**What to work on**
I would like the entries transcribed word for word, please, with the pictures removed.

[Referring expression grounding data]
= = = = = = =
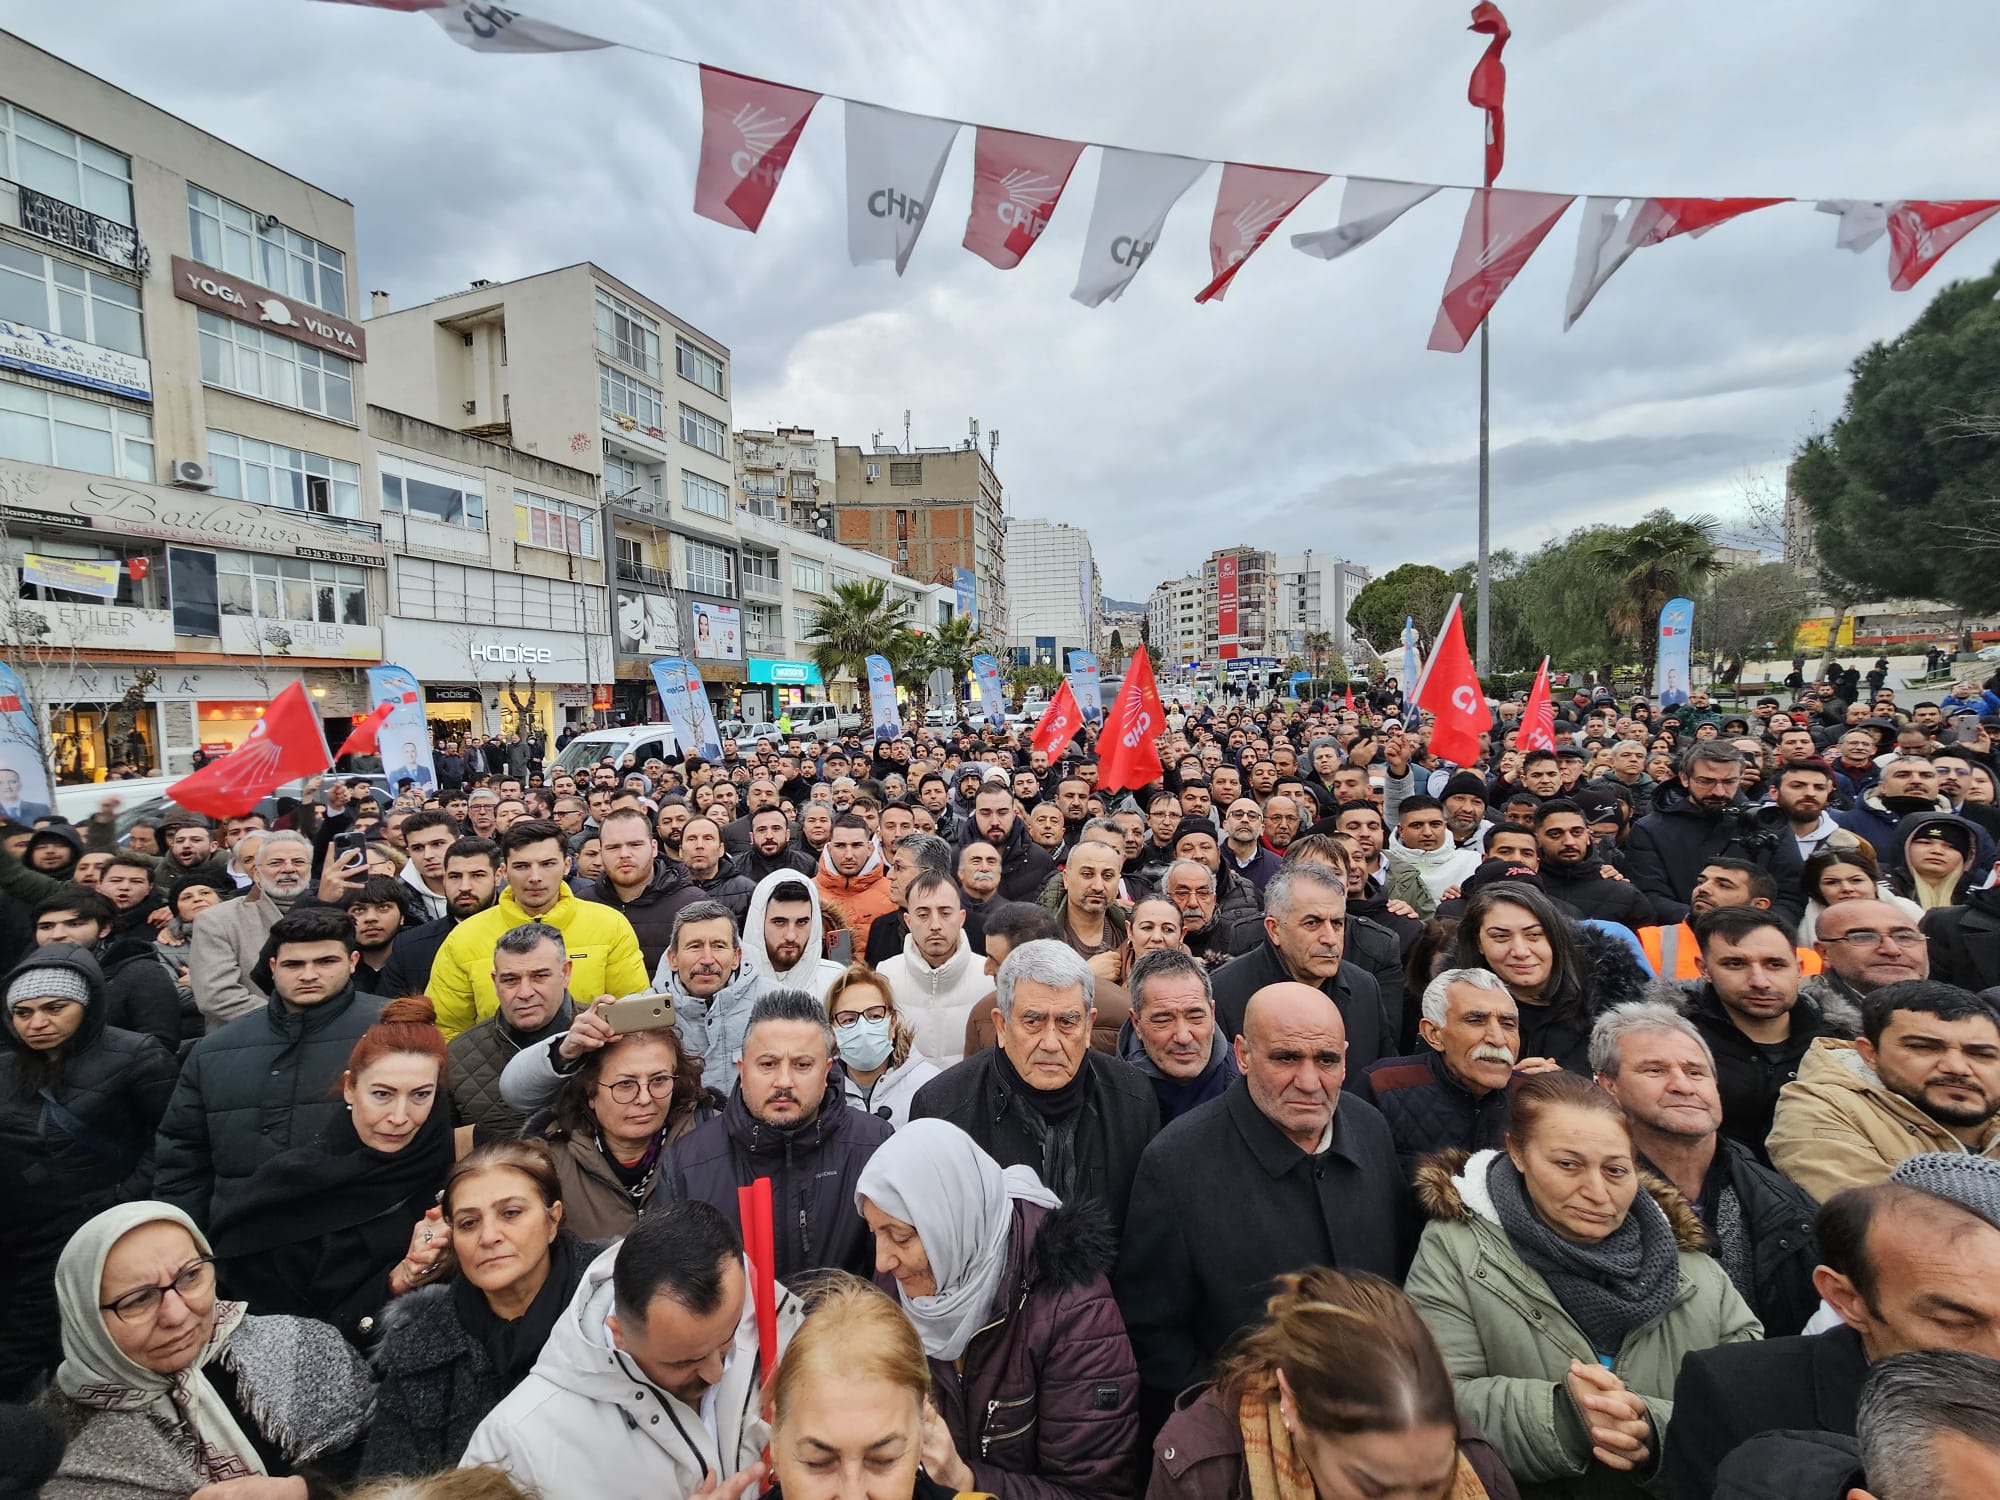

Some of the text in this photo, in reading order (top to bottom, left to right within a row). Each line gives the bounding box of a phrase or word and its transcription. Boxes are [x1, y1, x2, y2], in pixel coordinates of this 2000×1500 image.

[463, 2, 521, 38] CH
[868, 188, 926, 227] CHP
[1110, 236, 1154, 269] CH
[186, 272, 247, 309] YOGA
[1, 507, 84, 526] lamos.com.tr
[70, 482, 302, 545] Bailamos
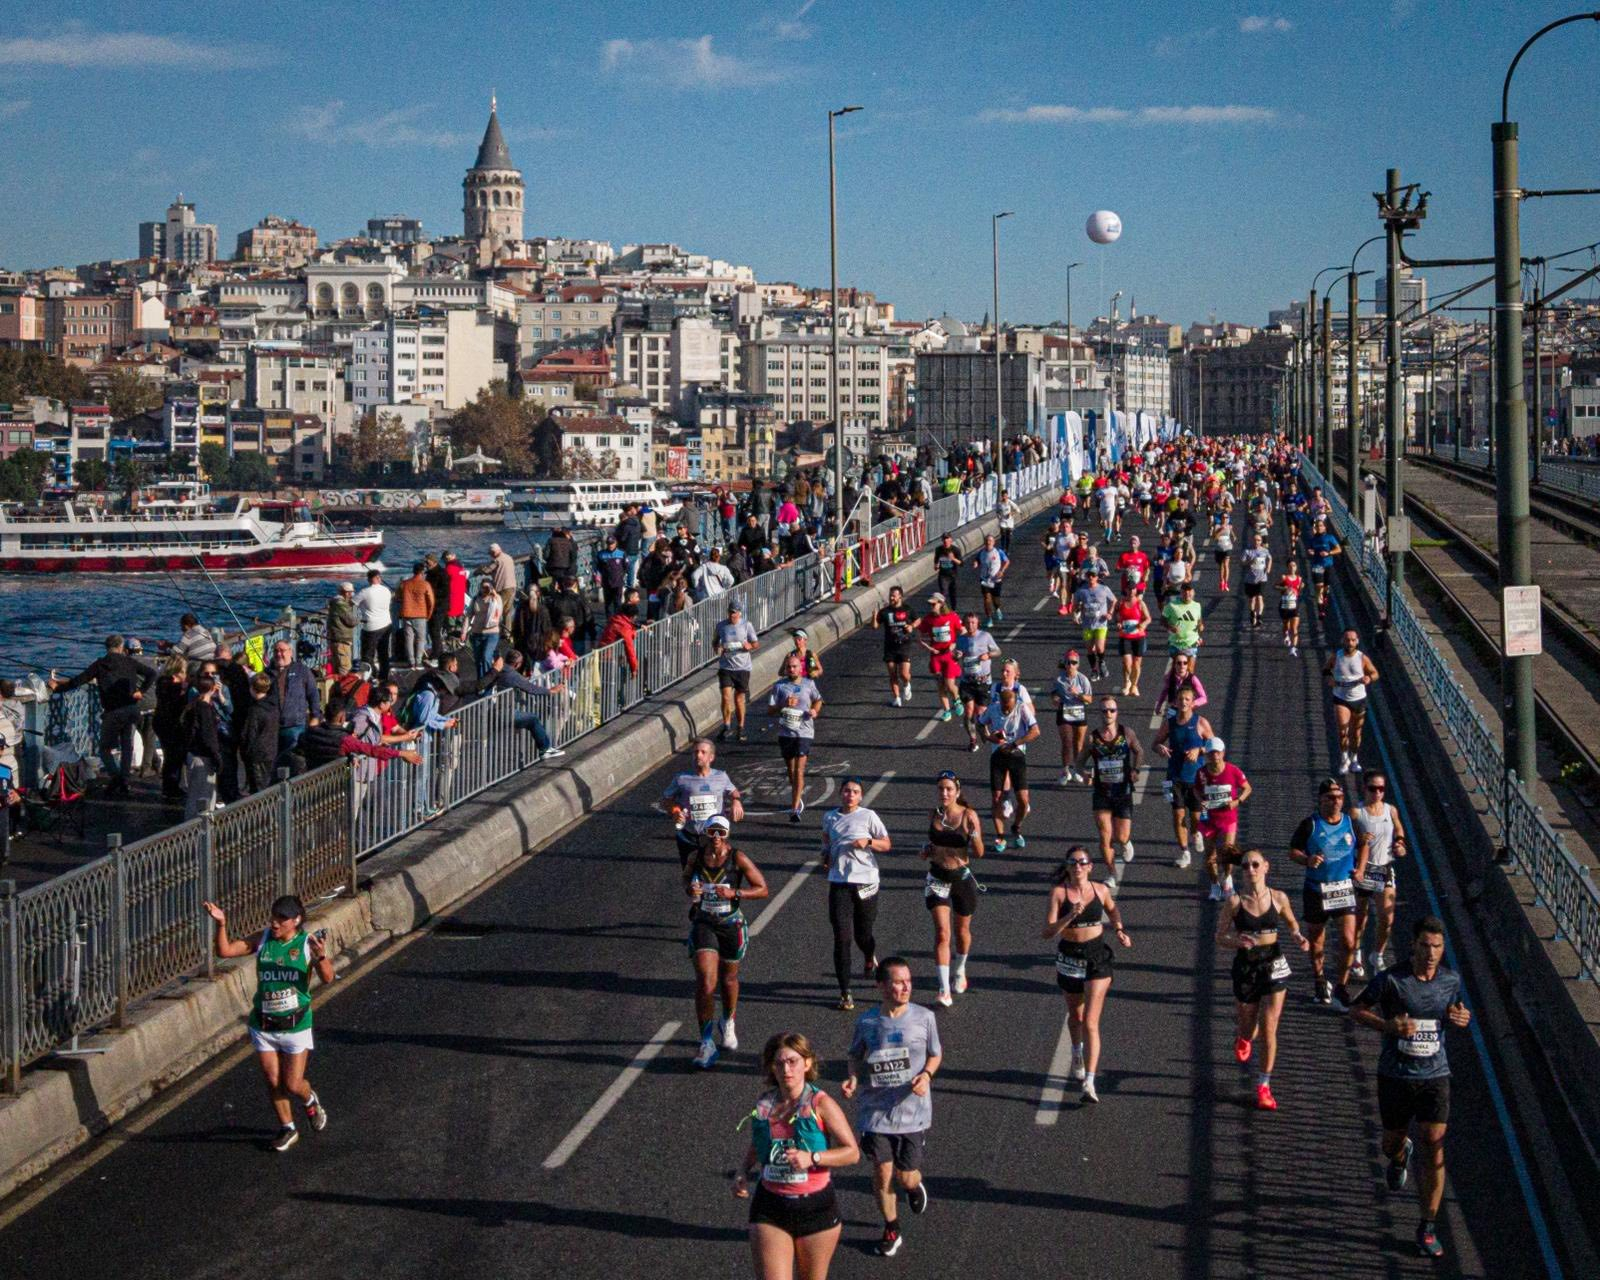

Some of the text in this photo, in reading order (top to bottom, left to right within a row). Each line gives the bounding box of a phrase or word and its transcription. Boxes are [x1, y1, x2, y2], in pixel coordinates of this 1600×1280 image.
= = = = = = =
**Response to the task**
Some of the text in this photo, in reading order (top to bottom, left to right within a row). Each line gives the bounding box of a phrase or word and its transcription. Boxes are [x1, y1, x2, y2], in pixel coordinates of this 2000×1500 image.

[463, 2, 521, 38] CH
[868, 188, 926, 227] CHP
[1110, 236, 1154, 269] CH
[186, 272, 247, 309] YOGA
[1, 507, 84, 526] lamos.com.tr
[70, 482, 302, 545] Bailamos

Some of the text in this photo, in reading order (top to bottom, left to right within a row). Each line gives the bounding box of a phrase or word and its transcription. Boxes are [x1, y1, x2, y2], in pixel coordinates of this 1600×1280 image.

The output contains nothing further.